From the records below, transcribe exactly the lines that begin at the line with "this 1344×1512 image." and end at the line with "Some of the words", both included.

=== DATA FOR ANALYSIS ===

--- START ---

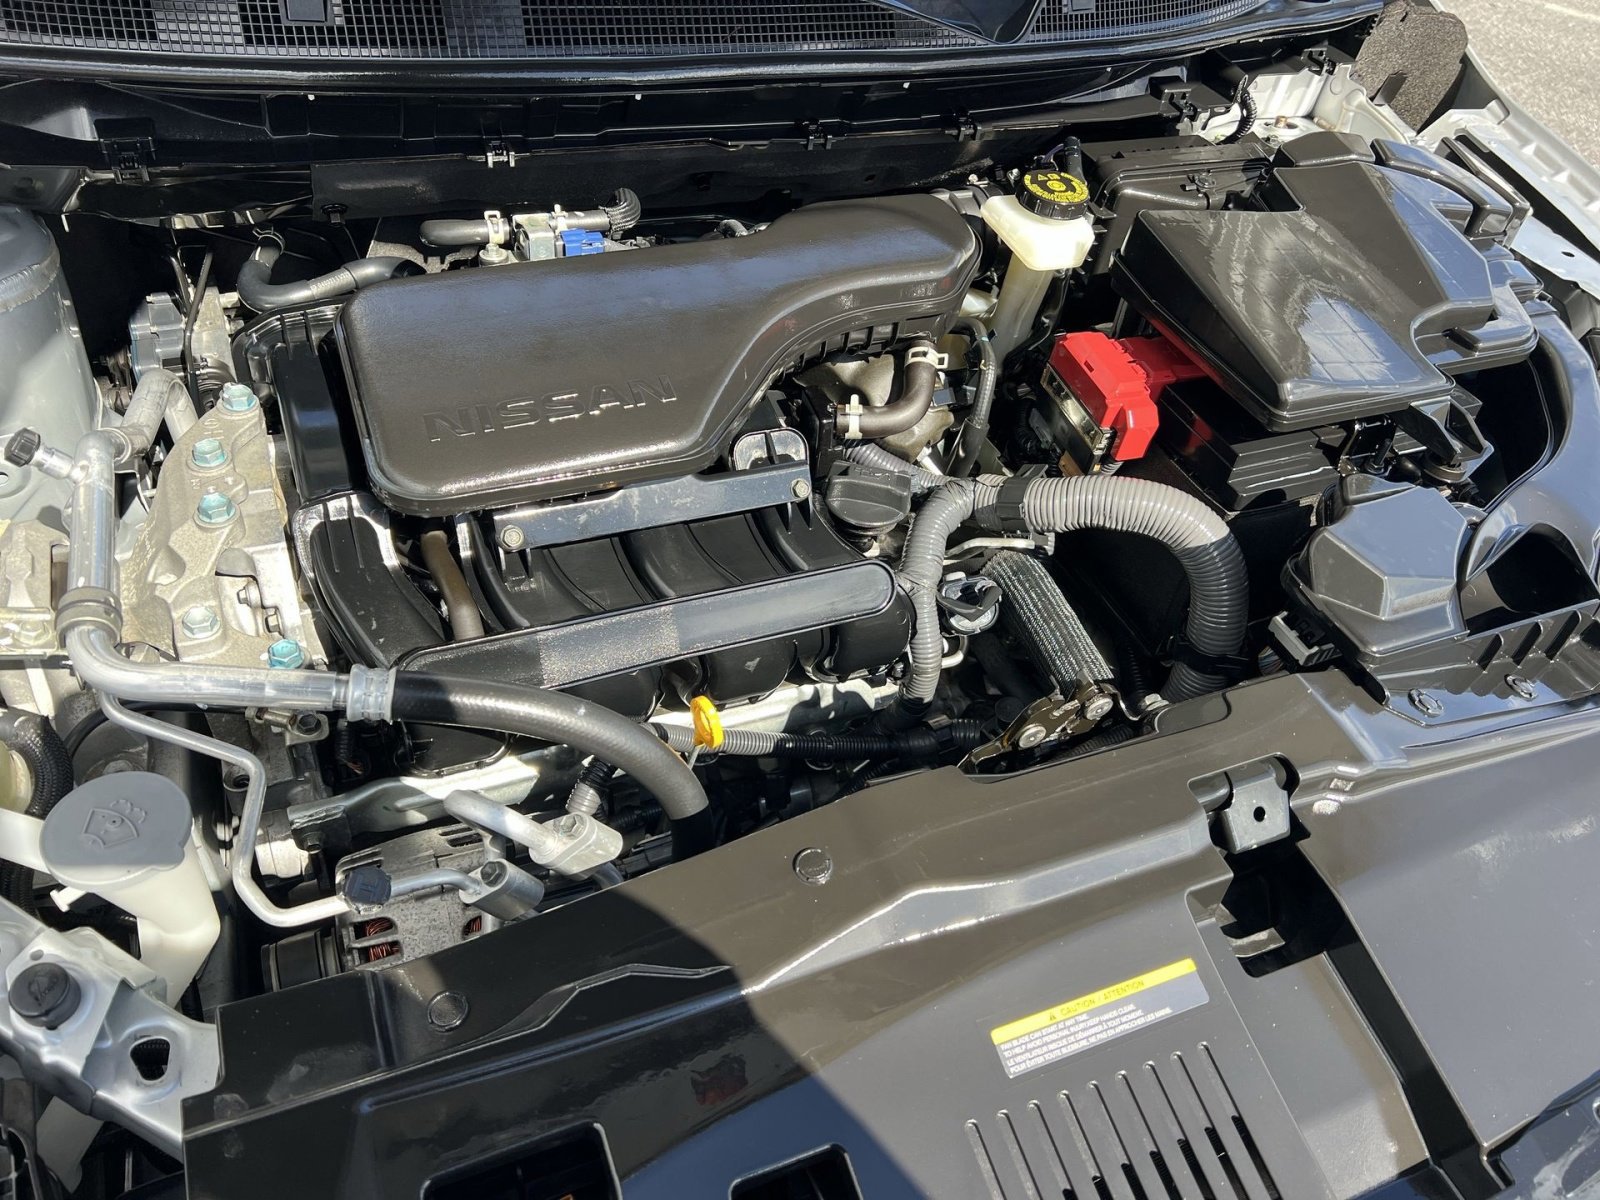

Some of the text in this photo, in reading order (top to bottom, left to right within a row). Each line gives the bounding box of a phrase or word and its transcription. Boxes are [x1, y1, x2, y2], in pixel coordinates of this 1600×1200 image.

--- END ---
--- START ---

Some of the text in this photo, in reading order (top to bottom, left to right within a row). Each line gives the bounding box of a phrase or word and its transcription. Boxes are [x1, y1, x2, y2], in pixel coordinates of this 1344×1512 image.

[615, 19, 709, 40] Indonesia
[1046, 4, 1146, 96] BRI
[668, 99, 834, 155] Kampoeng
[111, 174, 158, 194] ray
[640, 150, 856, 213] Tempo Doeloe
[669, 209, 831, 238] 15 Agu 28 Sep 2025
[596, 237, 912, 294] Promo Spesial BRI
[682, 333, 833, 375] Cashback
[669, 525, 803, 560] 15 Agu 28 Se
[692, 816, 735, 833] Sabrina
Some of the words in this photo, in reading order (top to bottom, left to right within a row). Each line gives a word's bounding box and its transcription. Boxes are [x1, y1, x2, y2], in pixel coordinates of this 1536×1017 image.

--- END ---

=== SOLVED EXERCISE ===
Some of the text in this photo, in reading order (top to bottom, left to right within a row). Each line gives the bounding box of a phrase or word and its transcription. Boxes are [x1, y1, x2, y2], in pixel coordinates of this 1344×1512 image.

[615, 19, 709, 40] Indonesia
[1046, 4, 1146, 96] BRI
[668, 99, 834, 155] Kampoeng
[111, 174, 158, 194] ray
[640, 150, 856, 213] Tempo Doeloe
[669, 209, 831, 238] 15 Agu 28 Sep 2025
[596, 237, 912, 294] Promo Spesial BRI
[682, 333, 833, 375] Cashback
[669, 525, 803, 560] 15 Agu 28 Se
[692, 816, 735, 833] Sabrina
Some of the words in this photo, in reading order (top to bottom, left to right within a row). Each line gives a word's bounding box and its transcription. Boxes are [x1, y1, x2, y2], in pixel coordinates of this 1536×1017 image.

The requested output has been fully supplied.